Restate every record that follows, keeping it exact.
================================
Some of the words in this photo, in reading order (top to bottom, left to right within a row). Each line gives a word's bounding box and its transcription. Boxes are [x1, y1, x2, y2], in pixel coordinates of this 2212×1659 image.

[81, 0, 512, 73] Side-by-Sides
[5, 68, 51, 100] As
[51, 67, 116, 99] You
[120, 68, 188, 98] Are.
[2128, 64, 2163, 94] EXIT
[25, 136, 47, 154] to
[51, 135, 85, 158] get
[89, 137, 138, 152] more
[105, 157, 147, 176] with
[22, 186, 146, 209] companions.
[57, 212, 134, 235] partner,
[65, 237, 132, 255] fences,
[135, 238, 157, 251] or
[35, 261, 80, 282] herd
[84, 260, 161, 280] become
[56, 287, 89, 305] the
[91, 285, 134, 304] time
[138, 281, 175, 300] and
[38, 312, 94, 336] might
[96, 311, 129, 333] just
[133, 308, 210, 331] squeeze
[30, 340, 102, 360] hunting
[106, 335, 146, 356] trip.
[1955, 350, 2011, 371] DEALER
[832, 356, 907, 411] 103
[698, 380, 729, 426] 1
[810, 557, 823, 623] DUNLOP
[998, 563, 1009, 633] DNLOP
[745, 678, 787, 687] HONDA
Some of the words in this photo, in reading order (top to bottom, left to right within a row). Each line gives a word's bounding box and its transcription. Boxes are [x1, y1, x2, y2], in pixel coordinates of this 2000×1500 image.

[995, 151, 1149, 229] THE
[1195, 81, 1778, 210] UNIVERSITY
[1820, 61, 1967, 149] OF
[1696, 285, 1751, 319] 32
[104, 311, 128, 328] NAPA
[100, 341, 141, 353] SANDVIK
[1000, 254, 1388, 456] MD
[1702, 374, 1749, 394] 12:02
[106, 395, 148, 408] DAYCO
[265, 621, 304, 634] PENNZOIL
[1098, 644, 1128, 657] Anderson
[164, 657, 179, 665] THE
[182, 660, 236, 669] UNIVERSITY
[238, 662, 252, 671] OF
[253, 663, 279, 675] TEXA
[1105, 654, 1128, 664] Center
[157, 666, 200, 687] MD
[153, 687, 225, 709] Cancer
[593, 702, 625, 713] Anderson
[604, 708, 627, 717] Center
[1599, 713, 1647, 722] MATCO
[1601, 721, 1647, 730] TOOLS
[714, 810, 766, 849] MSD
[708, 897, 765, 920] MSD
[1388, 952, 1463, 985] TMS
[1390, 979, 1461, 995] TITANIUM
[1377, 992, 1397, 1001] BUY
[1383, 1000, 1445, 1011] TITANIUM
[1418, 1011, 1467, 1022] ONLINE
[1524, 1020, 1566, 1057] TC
================================
### WRITTEN RESPONSE
Some of the words in this photo, in reading order (top to bottom, left to right within a row). Each line gives a word's bounding box and its transcription. Boxes are [x1, y1, x2, y2], in pixel coordinates of this 2212×1659 image.

[81, 0, 512, 73] Side-by-Sides
[5, 68, 51, 100] As
[51, 67, 116, 99] You
[120, 68, 188, 98] Are.
[2128, 64, 2163, 94] EXIT
[25, 136, 47, 154] to
[51, 135, 85, 158] get
[89, 137, 138, 152] more
[105, 157, 147, 176] with
[22, 186, 146, 209] companions.
[57, 212, 134, 235] partner,
[65, 237, 132, 255] fences,
[135, 238, 157, 251] or
[35, 261, 80, 282] herd
[84, 260, 161, 280] become
[56, 287, 89, 305] the
[91, 285, 134, 304] time
[138, 281, 175, 300] and
[38, 312, 94, 336] might
[96, 311, 129, 333] just
[133, 308, 210, 331] squeeze
[30, 340, 102, 360] hunting
[106, 335, 146, 356] trip.
[1955, 350, 2011, 371] DEALER
[832, 356, 907, 411] 103
[698, 380, 729, 426] 1
[810, 557, 823, 623] DUNLOP
[998, 563, 1009, 633] DNLOP
[745, 678, 787, 687] HONDA
Some of the words in this photo, in reading order (top to bottom, left to right within a row). Each line gives a word's bounding box and its transcription. Boxes are [x1, y1, x2, y2], in pixel coordinates of this 2000×1500 image.

[995, 151, 1149, 229] THE
[1195, 81, 1778, 210] UNIVERSITY
[1820, 61, 1967, 149] OF
[1696, 285, 1751, 319] 32
[104, 311, 128, 328] NAPA
[100, 341, 141, 353] SANDVIK
[1000, 254, 1388, 456] MD
[1702, 374, 1749, 394] 12:02
[106, 395, 148, 408] DAYCO
[265, 621, 304, 634] PENNZOIL
[1098, 644, 1128, 657] Anderson
[164, 657, 179, 665] THE
[182, 660, 236, 669] UNIVERSITY
[238, 662, 252, 671] OF
[253, 663, 279, 675] TEXA
[1105, 654, 1128, 664] Center
[157, 666, 200, 687] MD
[153, 687, 225, 709] Cancer
[593, 702, 625, 713] Anderson
[604, 708, 627, 717] Center
[1599, 713, 1647, 722] MATCO
[1601, 721, 1647, 730] TOOLS
[714, 810, 766, 849] MSD
[708, 897, 765, 920] MSD
[1388, 952, 1463, 985] TMS
[1390, 979, 1461, 995] TITANIUM
[1377, 992, 1397, 1001] BUY
[1383, 1000, 1445, 1011] TITANIUM
[1418, 1011, 1467, 1022] ONLINE
[1524, 1020, 1566, 1057] TC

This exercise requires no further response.